> [Assigned task]: A precise copy of the data is required, with every picture left out.

> [Task input]:

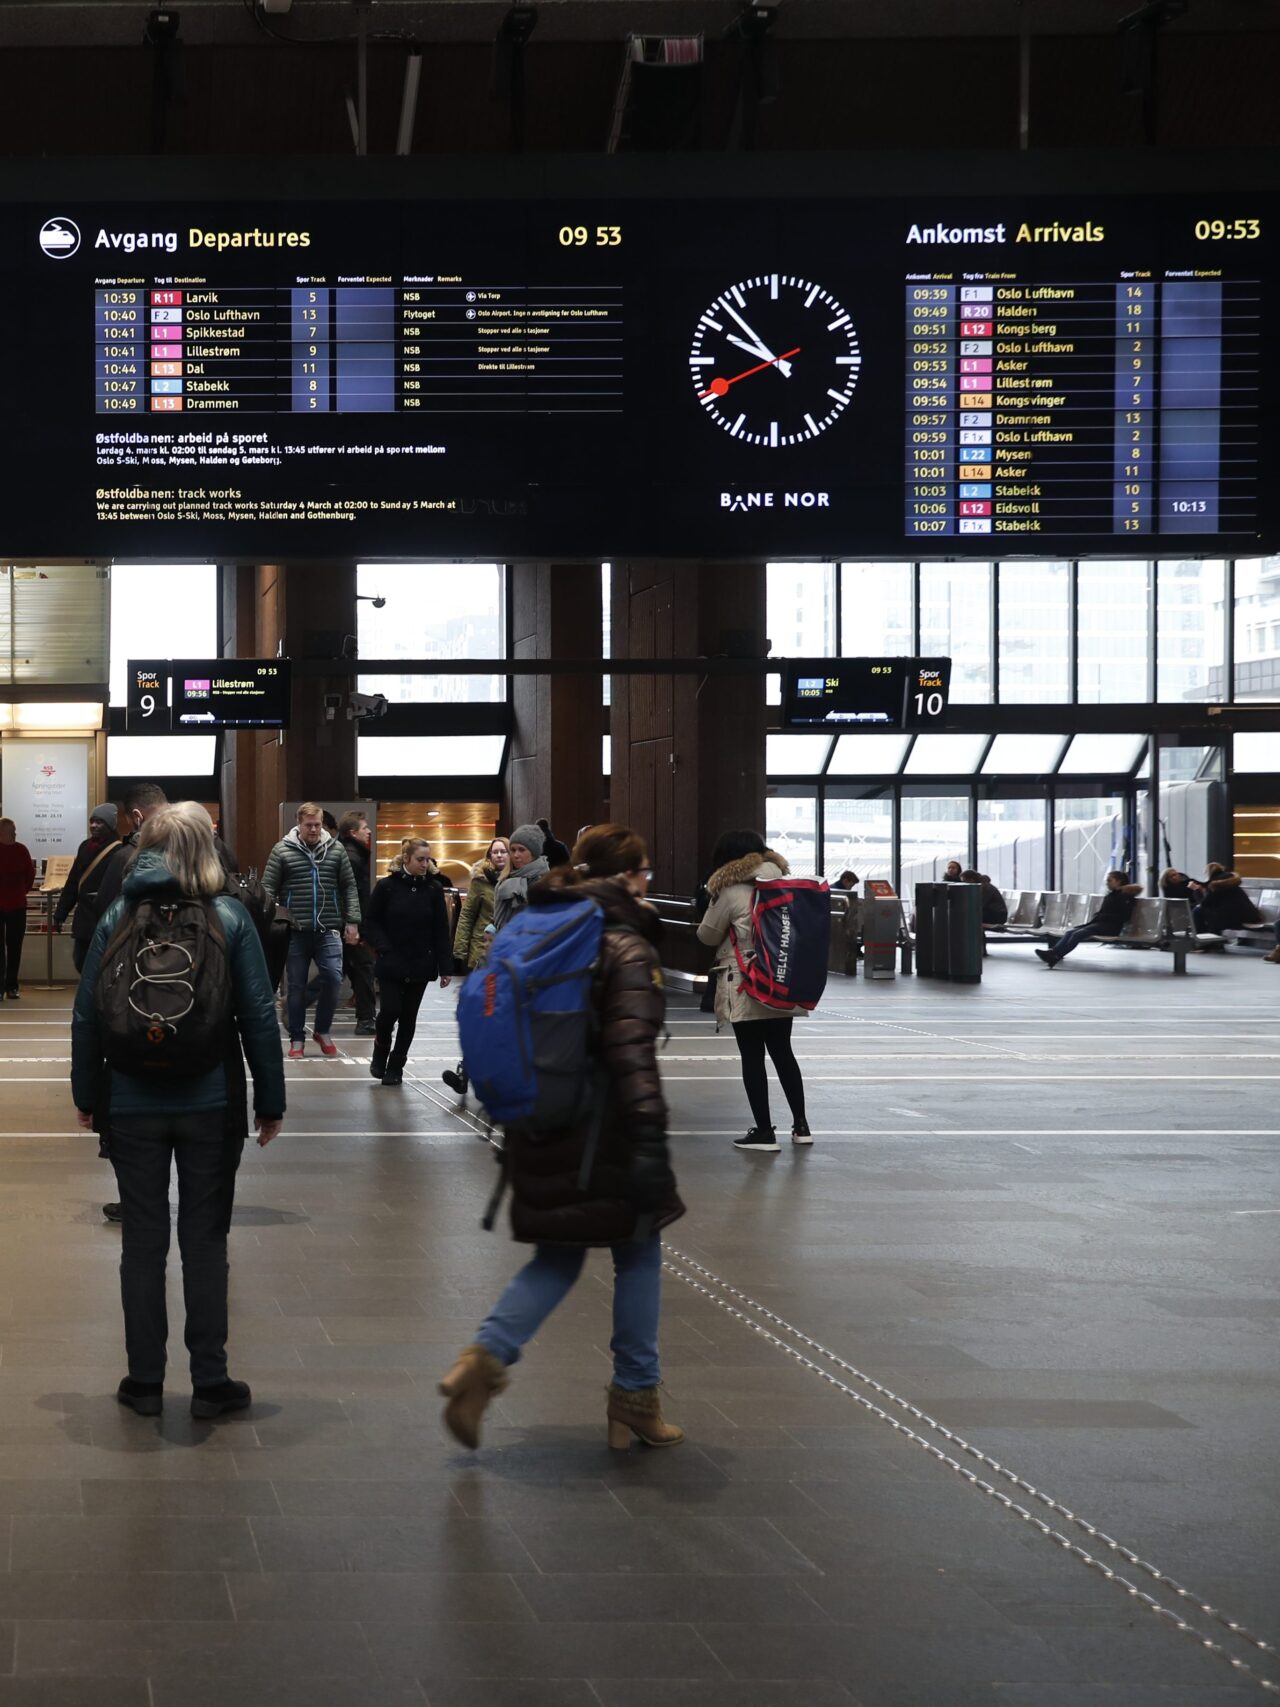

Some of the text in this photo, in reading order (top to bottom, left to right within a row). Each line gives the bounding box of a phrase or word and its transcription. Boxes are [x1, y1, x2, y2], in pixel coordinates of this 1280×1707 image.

[906, 222, 1104, 243] Ankomst Arrivals
[1195, 220, 1260, 239] 09:53
[95, 228, 310, 252] Avgang Departures
[104, 293, 218, 303] 10:39 Larvik
[997, 288, 1074, 299] Oslo Lufthavn
[104, 310, 259, 320] 10:40 Oslo Lufthavn
[104, 327, 244, 339] 10:41 Spikkestad
[997, 324, 1056, 336] Kongsberg
[104, 346, 240, 356] 10:41 Lillestrøm
[997, 342, 1073, 353] Oslo Lufthavn
[105, 363, 204, 374] 10:44 Dal
[996, 360, 1028, 370] Asker
[105, 381, 229, 391] 10:47 Stabekk
[997, 378, 1052, 388] Lillestrøm
[105, 399, 238, 408] 10:49 Drammen
[997, 396, 1065, 407] Kongsvinger
[178, 433, 212, 443] arbeid
[216, 432, 229, 444] på
[232, 433, 268, 444] sporet
[996, 431, 1072, 442] Oslo Lufthavn
[995, 467, 1026, 477] Asker
[178, 488, 205, 498] track
[209, 488, 241, 498] works
[785, 493, 829, 506] NOR
[97, 502, 107, 510] We
[126, 502, 160, 512] carrying
[163, 502, 176, 510] out
[178, 502, 210, 512] planned
[213, 502, 232, 510] track
[235, 502, 258, 510] works
[260, 502, 296, 512] Saturday
[299, 502, 304, 510] 4
[307, 502, 332, 510] March
[334, 502, 342, 510] at
[345, 501, 368, 509] 02:00
[380, 501, 411, 511] Sunday
[414, 501, 418, 509] 5
[420, 501, 445, 509] March
[996, 501, 1206, 513] Eidsvoll 10:13
[97, 512, 356, 522] 13:45 between Oslo S-Ski, Moss, Mysen, Halden and Gothenburg.
[137, 671, 156, 680] Spor
[920, 670, 939, 678] Spor
[137, 680, 159, 688] Track
[213, 680, 254, 688] Lillestrøm
[919, 678, 942, 686] Track
[141, 695, 154, 717] 9
[915, 693, 943, 715] 10
[776, 907, 790, 982] HELLY HANSEN
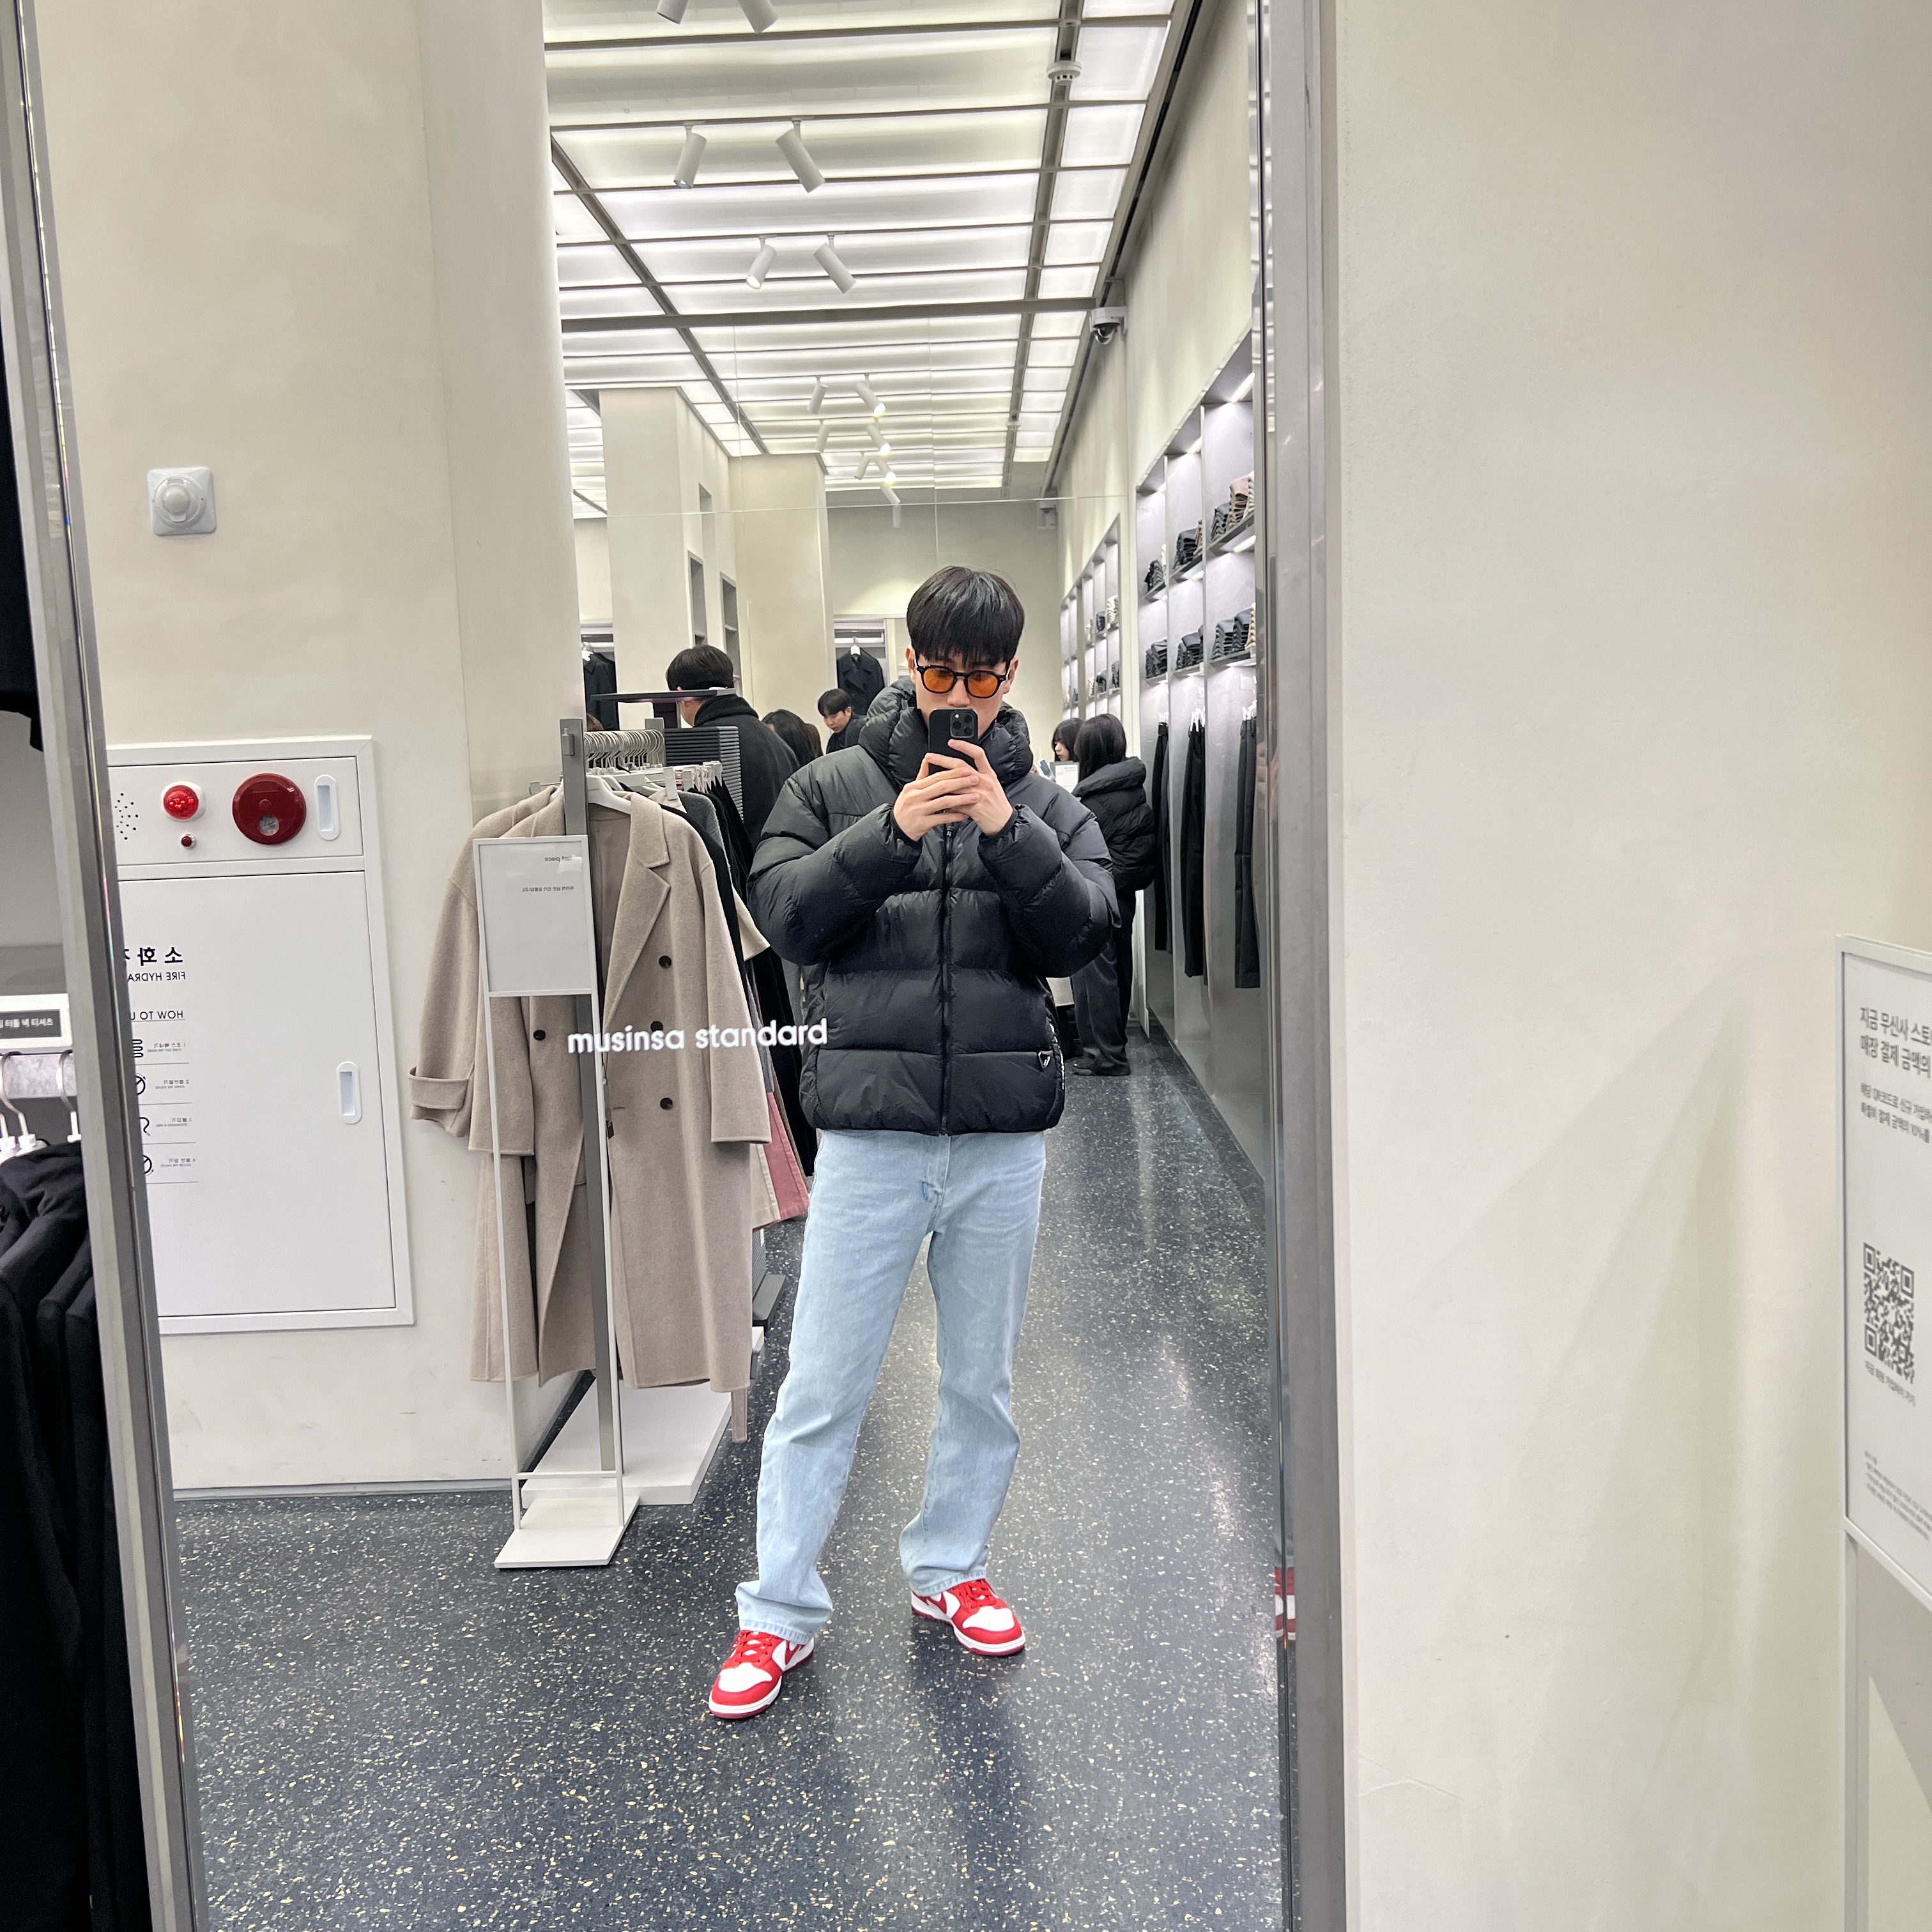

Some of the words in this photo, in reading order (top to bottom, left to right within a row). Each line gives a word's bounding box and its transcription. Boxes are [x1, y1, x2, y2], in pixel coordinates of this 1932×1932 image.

> [Output for this task]:
Some of the text in this photo, in reading order (top to bottom, left to right within a row). Each line gives the bounding box of a phrase or word and its transcription. Boxes are [x1, y1, x2, y2], in pixel coordinates of this 1280×1707 image.

[906, 222, 1104, 243] Ankomst Arrivals
[1195, 220, 1260, 239] 09:53
[95, 228, 310, 252] Avgang Departures
[104, 293, 218, 303] 10:39 Larvik
[997, 288, 1074, 299] Oslo Lufthavn
[104, 310, 259, 320] 10:40 Oslo Lufthavn
[104, 327, 244, 339] 10:41 Spikkestad
[997, 324, 1056, 336] Kongsberg
[104, 346, 240, 356] 10:41 Lillestrøm
[997, 342, 1073, 353] Oslo Lufthavn
[105, 363, 204, 374] 10:44 Dal
[996, 360, 1028, 370] Asker
[105, 381, 229, 391] 10:47 Stabekk
[997, 378, 1052, 388] Lillestrøm
[105, 399, 238, 408] 10:49 Drammen
[997, 396, 1065, 407] Kongsvinger
[178, 433, 212, 443] arbeid
[216, 432, 229, 444] på
[232, 433, 268, 444] sporet
[996, 431, 1072, 442] Oslo Lufthavn
[995, 467, 1026, 477] Asker
[178, 488, 205, 498] track
[209, 488, 241, 498] works
[785, 493, 829, 506] NOR
[97, 502, 107, 510] We
[126, 502, 160, 512] carrying
[163, 502, 176, 510] out
[178, 502, 210, 512] planned
[213, 502, 232, 510] track
[235, 502, 258, 510] works
[260, 502, 296, 512] Saturday
[299, 502, 304, 510] 4
[307, 502, 332, 510] March
[334, 502, 342, 510] at
[345, 501, 368, 509] 02:00
[380, 501, 411, 511] Sunday
[414, 501, 418, 509] 5
[420, 501, 445, 509] March
[996, 501, 1206, 513] Eidsvoll 10:13
[97, 512, 356, 522] 13:45 between Oslo S-Ski, Moss, Mysen, Halden and Gothenburg.
[137, 671, 156, 680] Spor
[920, 670, 939, 678] Spor
[137, 680, 159, 688] Track
[213, 680, 254, 688] Lillestrøm
[919, 678, 942, 686] Track
[141, 695, 154, 717] 9
[915, 693, 943, 715] 10
[776, 907, 790, 982] HELLY HANSEN

Some of the words in this photo, in reading order (top to bottom, left to right within a row). Each line gives a word's bounding box and its transcription. Boxes are [x1, y1, x2, y2], in pixel coordinates of this 1932×1932 image.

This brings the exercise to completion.